Metric 40 Campaigns – 40 Cities 1 Campaign – 40 Cities % Change
Impressions 37,533 68,232 81.79%
Clicks 711 1,353 90.30%
CTR 1.89% 1.98% 4.68%
Avg. position 2.2 1.7 20.83%
Leads 12 123 925.00%
Conversion Rate 1.69% 9.09% 438.64%
Search Impr. share 62.41% 61.71% -1.12%
Search Lost IS (rank) 37.12% 31.51% -15.11%

The results in this test show that having one campaign with multiple geo-targets yielded better results in this case. Gains were recognized in impressions, clicks, CTR, average position, lead volume, cost per lead, conversion rate and lost impression share due to rank. The down side is a slightly higher CPC and higher impression share loss due to budget. However, the results for the last 14 days were much more desirable overall than those from the first 14 days.

Test 2:

For a company with 64 locations in the state of California, for a seven day period, I had one campaign geo-targeted to all of California. For the next seven day period, within the same campaign, I changed the geo-targeting from all of California to the list of 64 cities. As with the first test, other variables remained the same.
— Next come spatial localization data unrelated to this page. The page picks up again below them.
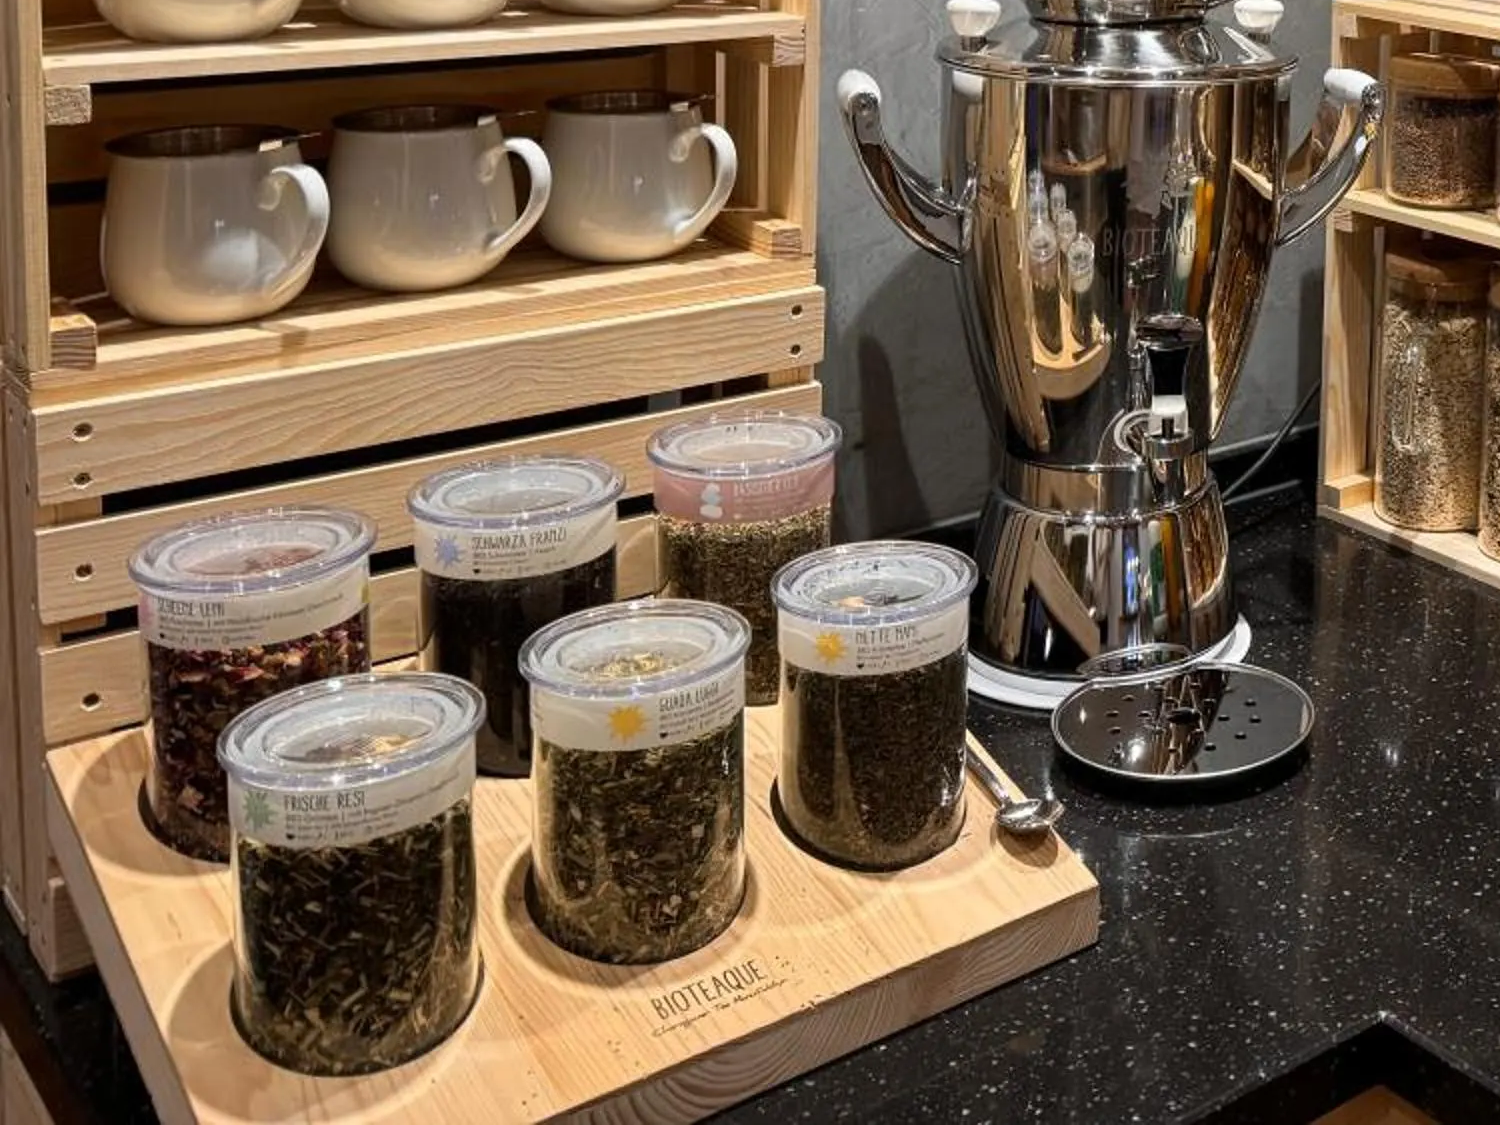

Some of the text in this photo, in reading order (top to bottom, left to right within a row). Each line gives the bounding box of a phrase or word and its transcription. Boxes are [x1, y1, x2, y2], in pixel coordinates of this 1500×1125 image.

[284, 790, 365, 812] FRISCHE RESI
[651, 960, 767, 1020] BIOTEAQUE
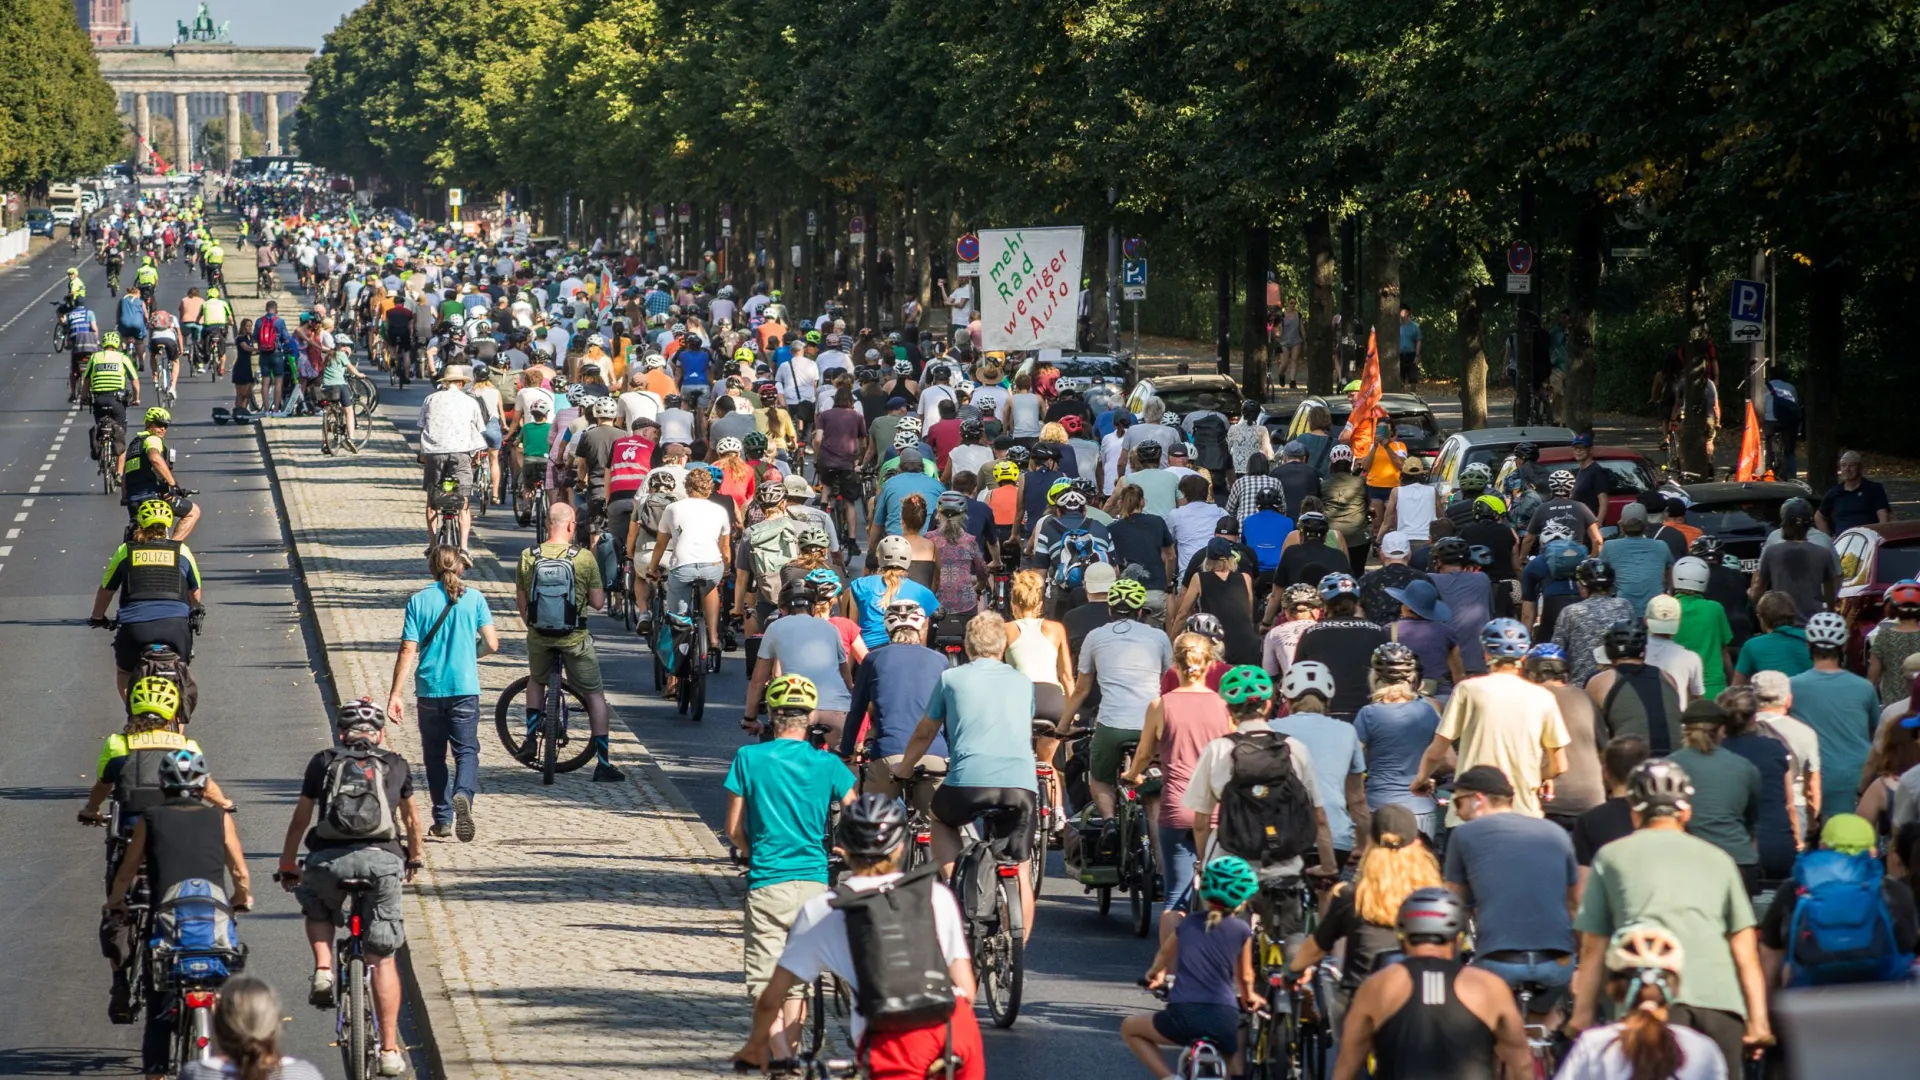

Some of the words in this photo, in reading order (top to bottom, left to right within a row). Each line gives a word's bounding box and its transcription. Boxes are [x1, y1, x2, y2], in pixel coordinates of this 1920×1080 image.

[989, 231, 1024, 283] mehr
[1127, 262, 1140, 283] P
[997, 251, 1034, 305] Rad
[1004, 249, 1067, 335] weniger
[1029, 281, 1069, 340] Auto
[1738, 285, 1758, 316] P
[135, 552, 172, 563] POLIZEI
[132, 732, 184, 745] POLIZEI
Metric 1 Campaigns – 1 state 1 Campaign – 64 Cities % Change
Impressions 76,827 52,083 -32.21%
Clicks 882 879 -0.34%
CTR 1.15% 1.69% 47.01%
Avg. position 2.1 1.9 -12.53%
Leads 72 99 37.50%
Conversion Rate 8.16% 11.26% 37.97%
Search Impr. share 50.73% 59.94% 18.15%
Search Lost IS (rank) 49.27% 40.06% -18.69%

In this test, the differences in results are not as dramatic, but they’re still there. With far fewer impressions, we were able to maintain the same number of clicks, which means a higher click-through-rate and higher conversion rate. Cost-per-click also came down, average position went up and most notable are the gains in impression share and the drop in lost impression share due to rank.

In summary, from these two tests, we see that creating one campaign for each city may be too much of a granular choice for geo-targeting. At the other extreme, broadening the geo-targeting to cover the entire state may be too broad. The reasons why this is happening are completely open to speculation. The former may be severely restricting the number of auctions you enter, while the latter may be opening you up to too many auctions, reducing your relevance/QS, and increasing costs.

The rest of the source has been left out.